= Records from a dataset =
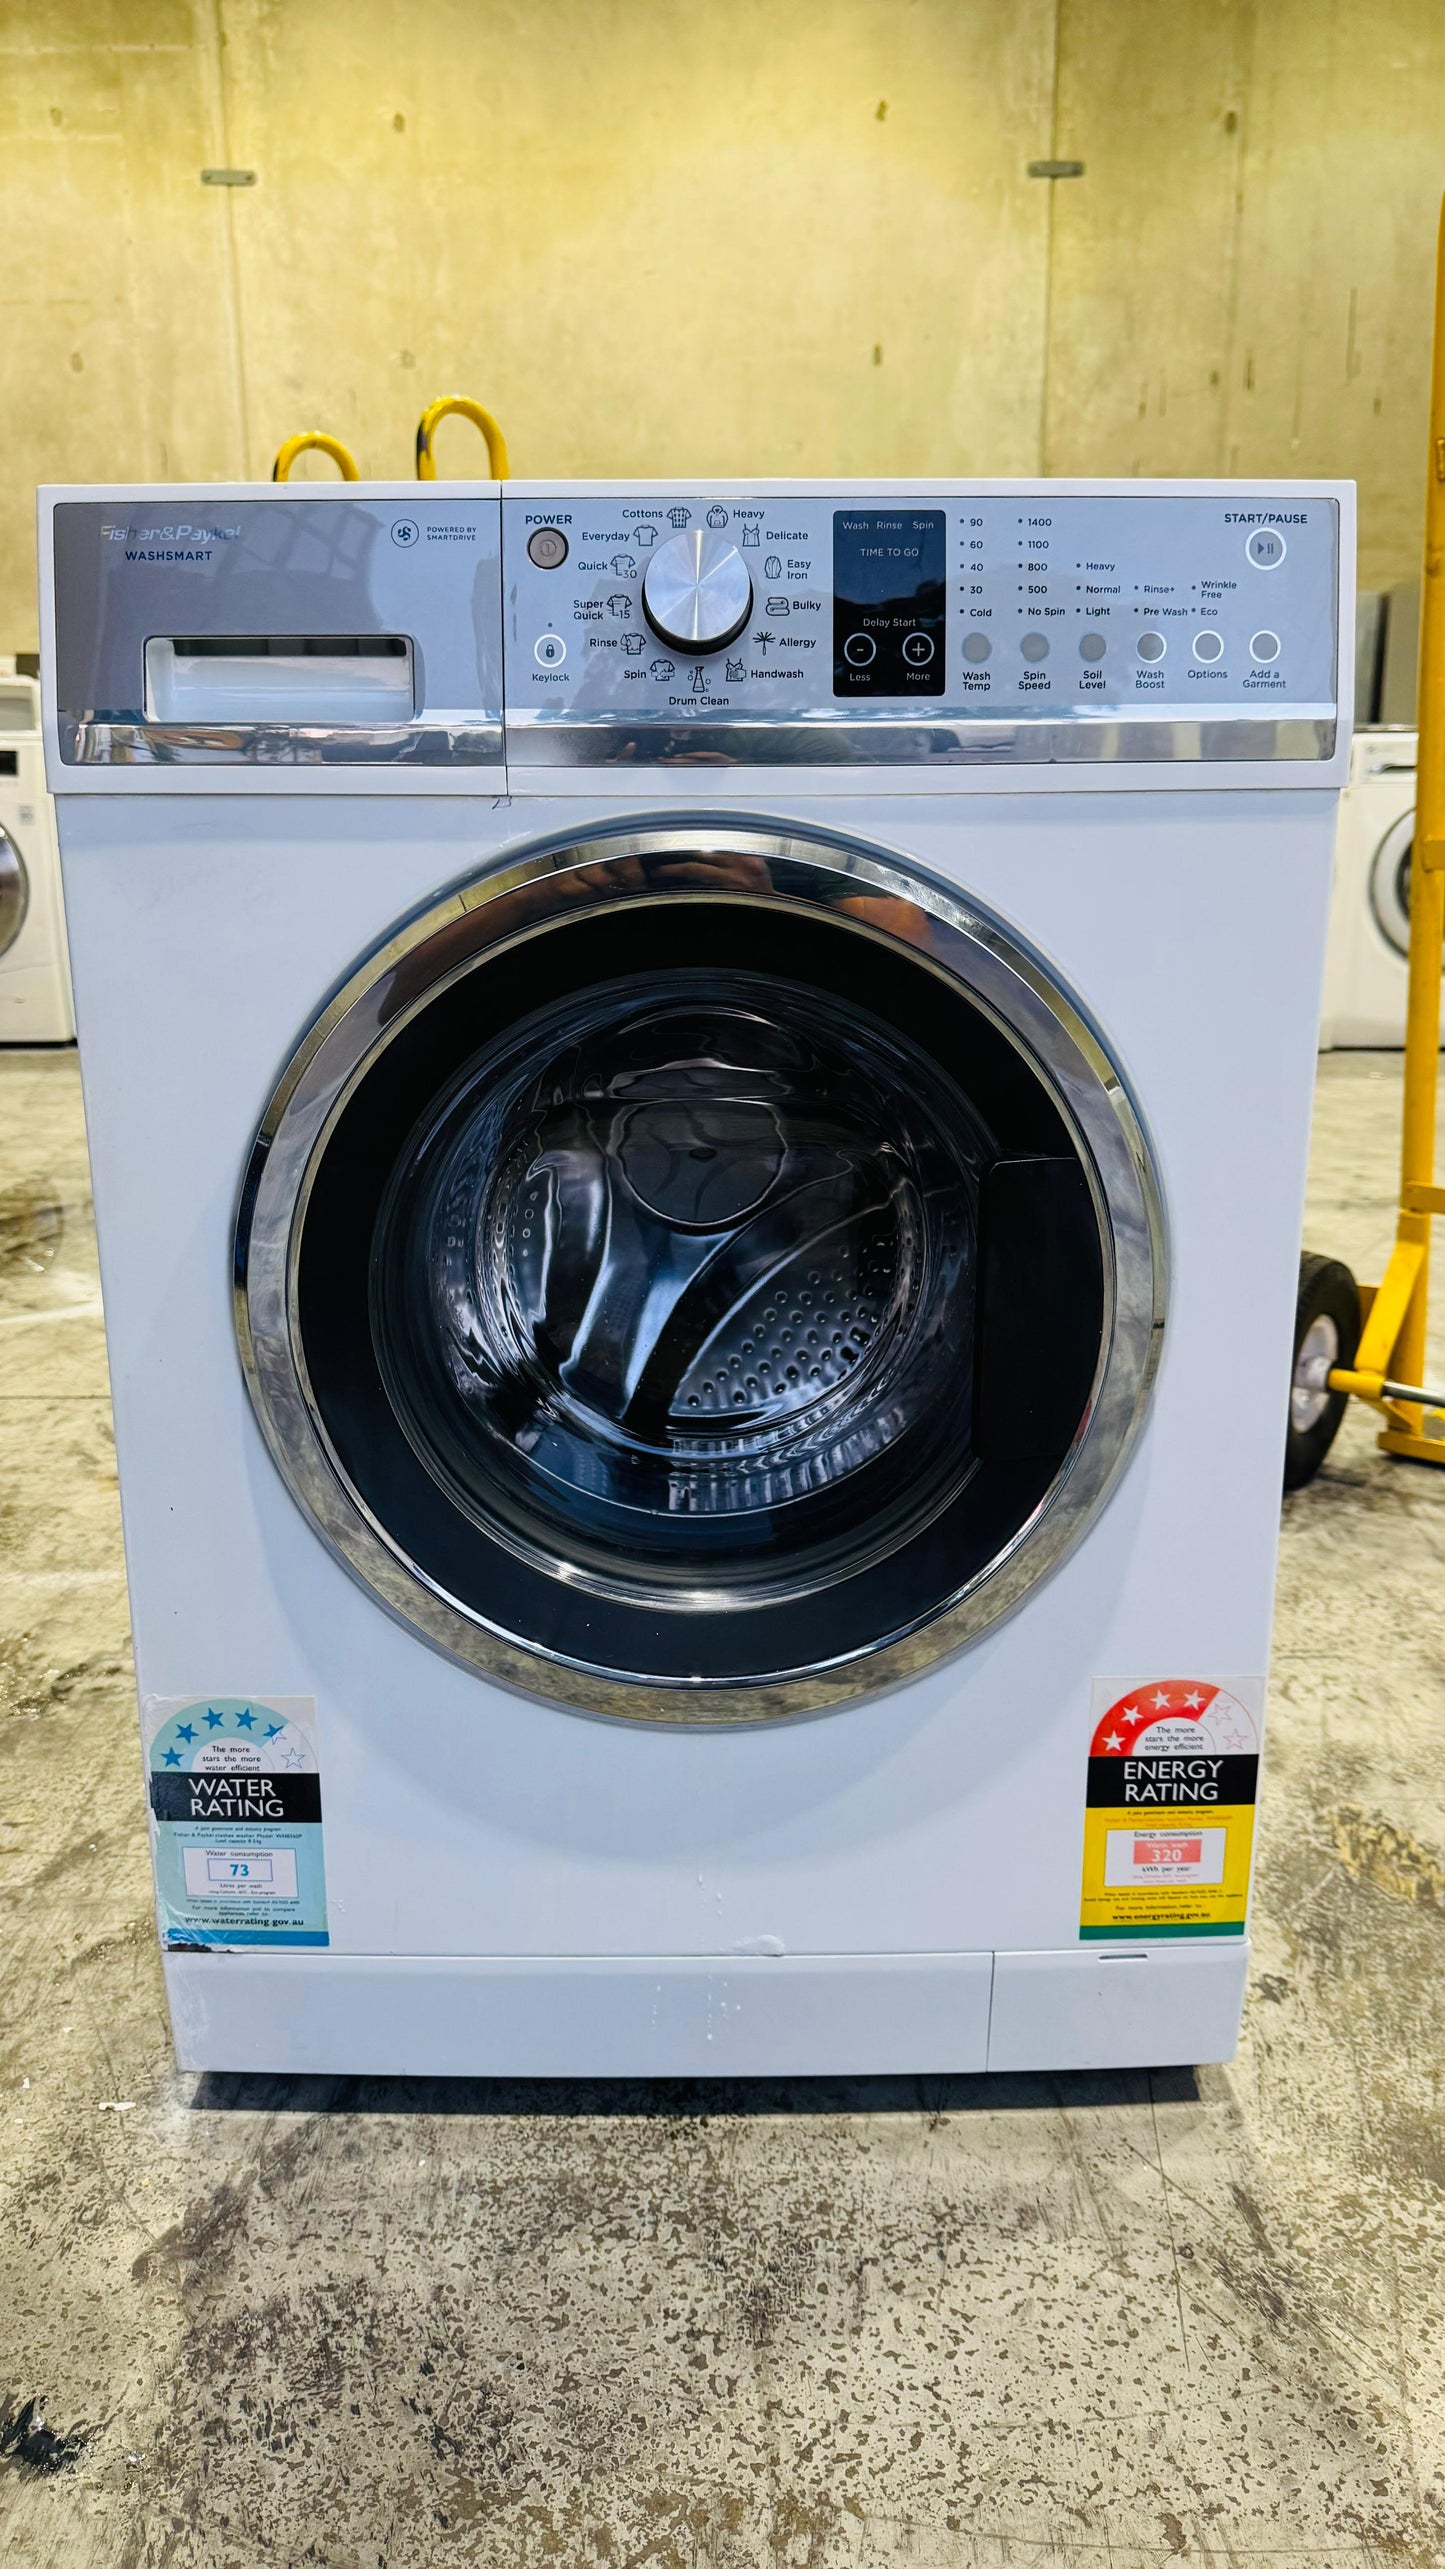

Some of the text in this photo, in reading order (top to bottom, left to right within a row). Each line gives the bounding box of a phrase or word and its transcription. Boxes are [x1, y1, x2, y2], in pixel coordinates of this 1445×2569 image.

[623, 510, 663, 518] Cottons
[734, 510, 764, 519] Heavy
[1225, 513, 1307, 524] START/PAUSE
[526, 515, 572, 524] POWER
[877, 521, 902, 529] Rinse
[913, 521, 933, 530] Spin
[582, 532, 630, 542] Everyday
[767, 531, 808, 539] Delicate
[125, 551, 212, 560] WASHSMART
[860, 548, 919, 556] TIME TO GO
[578, 562, 607, 570] Quick
[788, 560, 811, 569] Easy
[971, 563, 983, 571] 40
[1028, 563, 1047, 571] 800
[1087, 563, 1115, 571] Heavy
[624, 569, 637, 578] 30
[788, 571, 807, 579] Iron
[1144, 585, 1174, 593] Rinse+
[1201, 581, 1237, 589] Wrinkle
[970, 586, 982, 594] 30
[574, 600, 604, 610] Super
[793, 601, 821, 611] Bulky
[574, 611, 603, 620] Quick
[620, 610, 630, 619] 15
[970, 609, 992, 617] Cold
[1045, 608, 1065, 616] Spin
[1086, 608, 1110, 617] Light
[1162, 608, 1187, 616] Wash
[864, 618, 916, 628] Delay Start
[590, 639, 617, 647] Rinse
[779, 638, 816, 648] Allergy
[532, 673, 569, 683] Keylock
[624, 670, 646, 679] Spin
[751, 669, 803, 678] Handwash
[963, 672, 990, 680] Wash
[1024, 671, 1045, 681] Spin
[1084, 671, 1102, 679] Soil
[1188, 670, 1227, 679] Options
[1250, 670, 1270, 678] Add
[963, 682, 990, 691] Temp
[1019, 681, 1050, 691] Speed
[1080, 681, 1105, 689] Level
[1136, 680, 1164, 688] Boost
[1243, 680, 1286, 688] Garment
[669, 697, 729, 705] Drum Clean
[1124, 1760, 1223, 1779] ENERGY
[188, 1779, 276, 1796] WATER
[1125, 1782, 1218, 1801] RATING
[191, 1799, 283, 1816] RATING
[1134, 1831, 1156, 1839] Energy
[1152, 1849, 1182, 1862] 320
[230, 1864, 249, 1876] 73
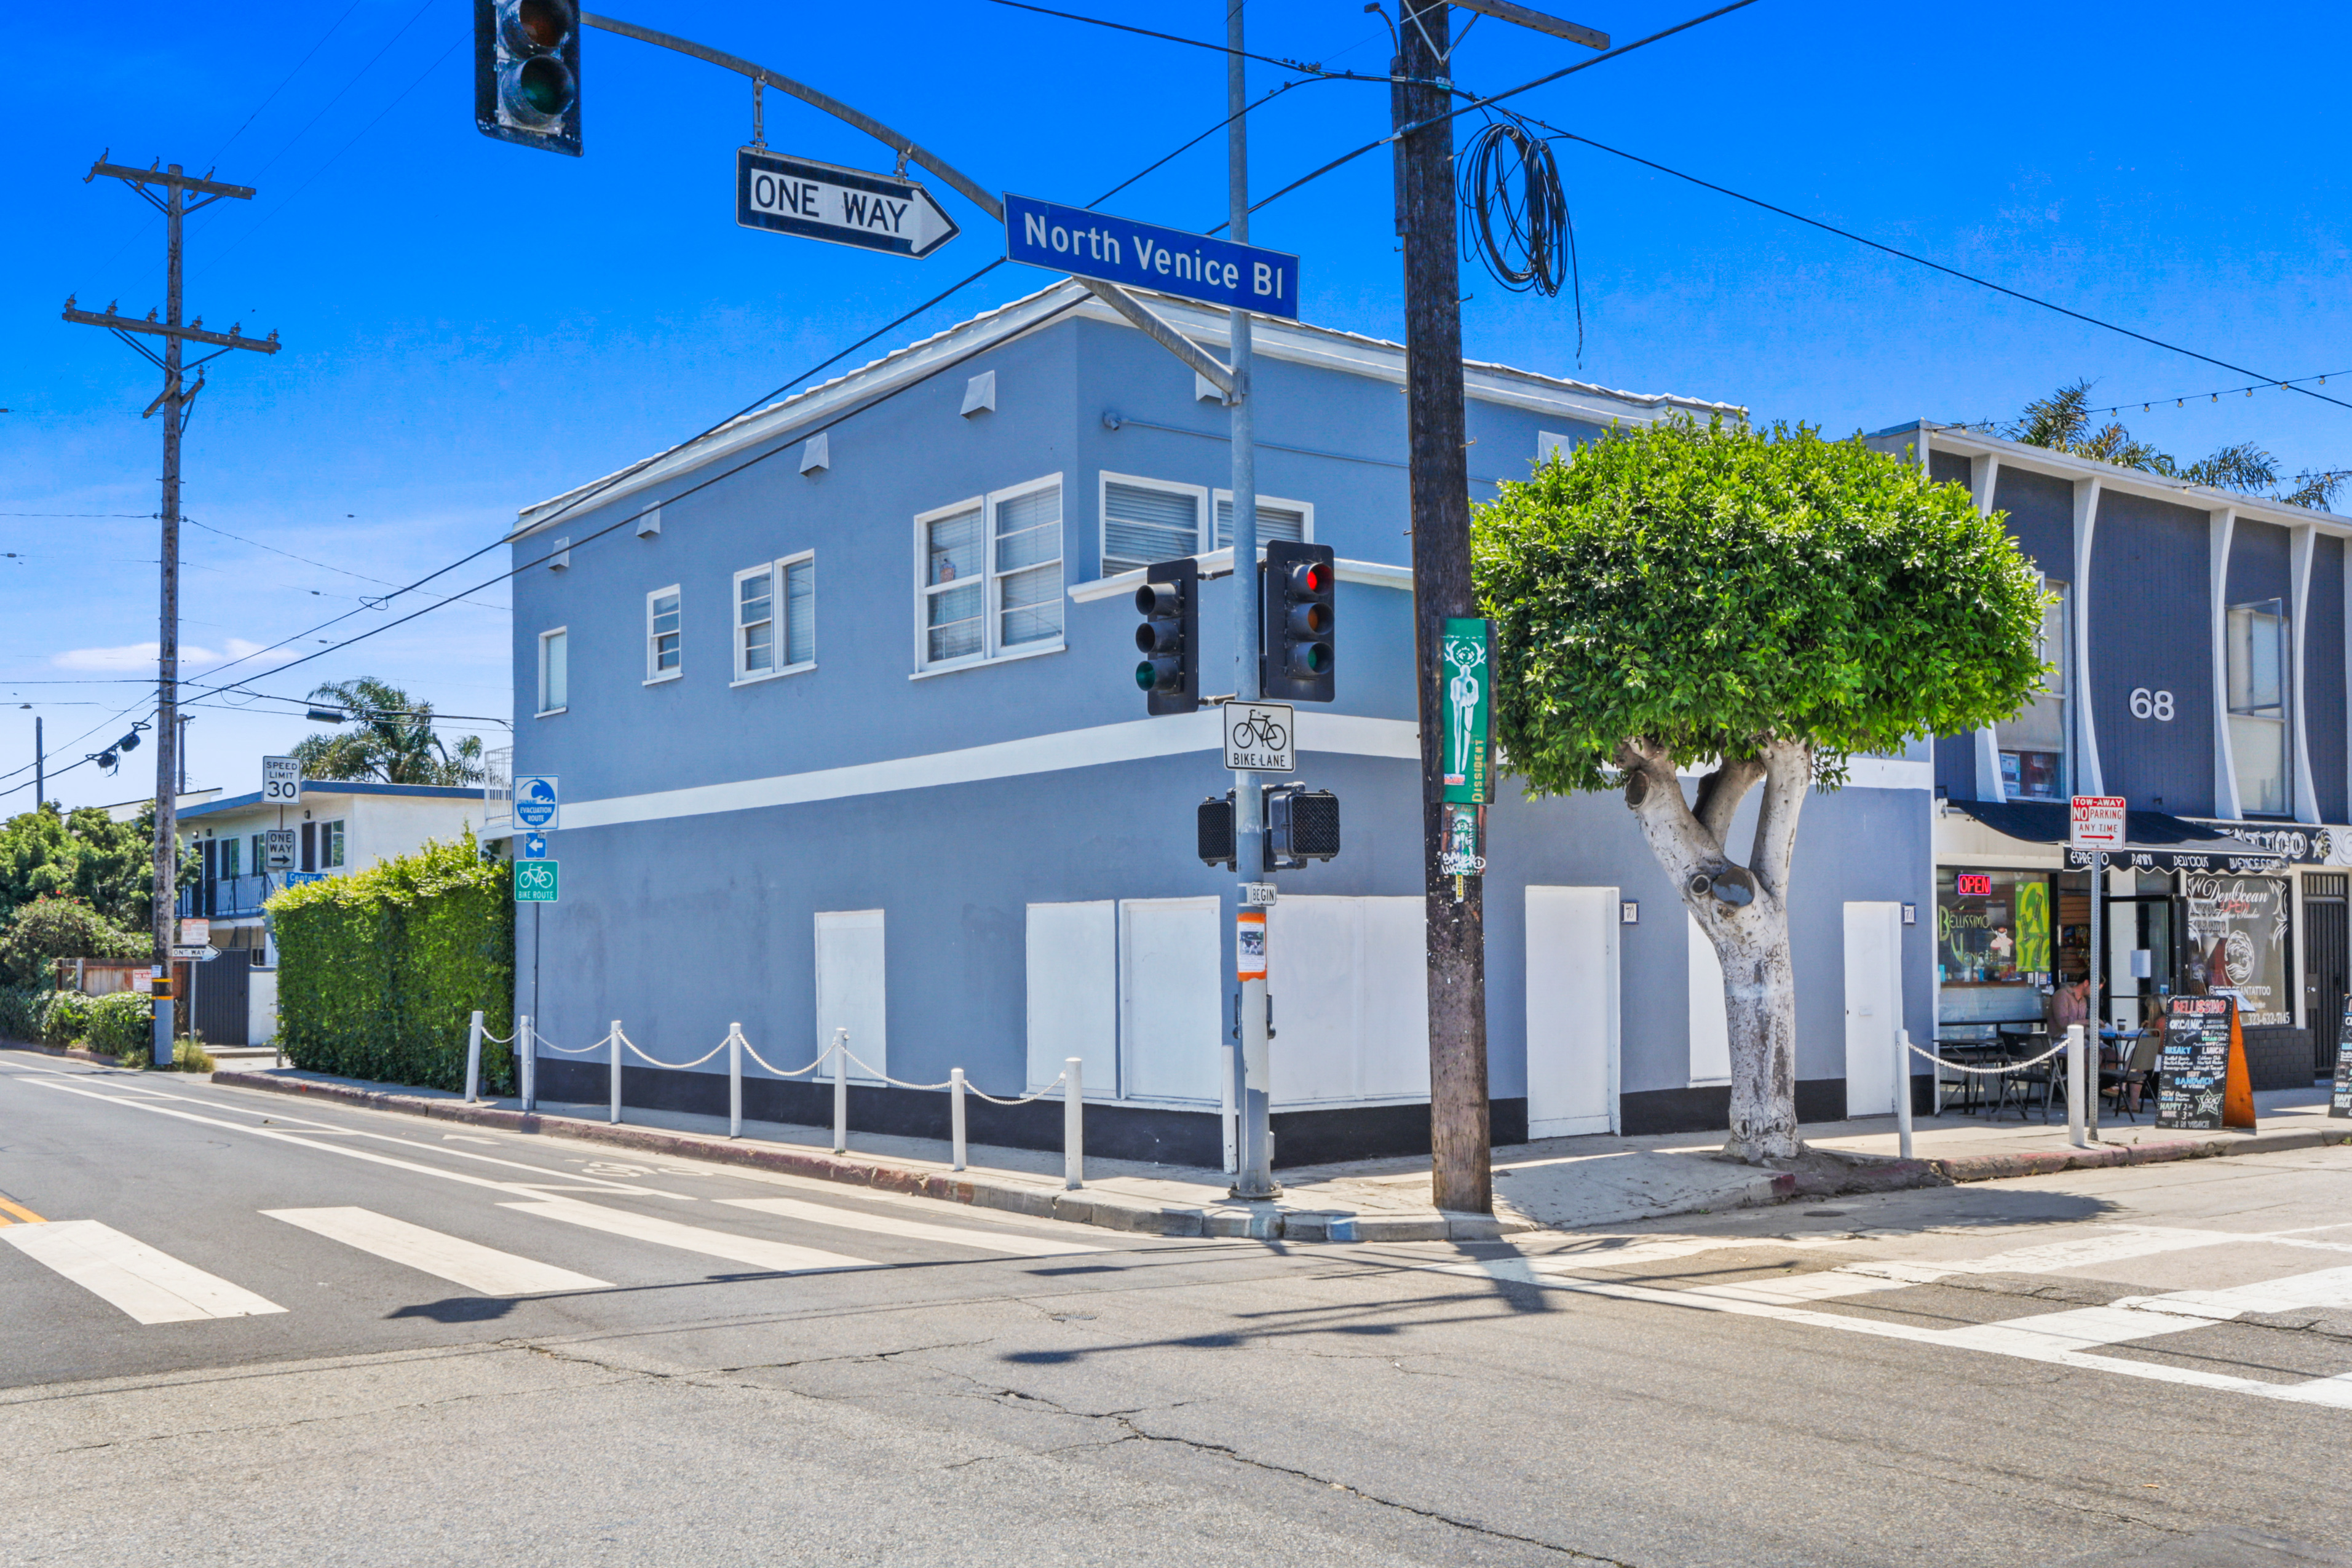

= Task item =
Your answer should be every line above that contains the word "Rinse".

= Solution below =
[877, 521, 902, 529] Rinse
[1144, 585, 1174, 593] Rinse+
[590, 639, 617, 647] Rinse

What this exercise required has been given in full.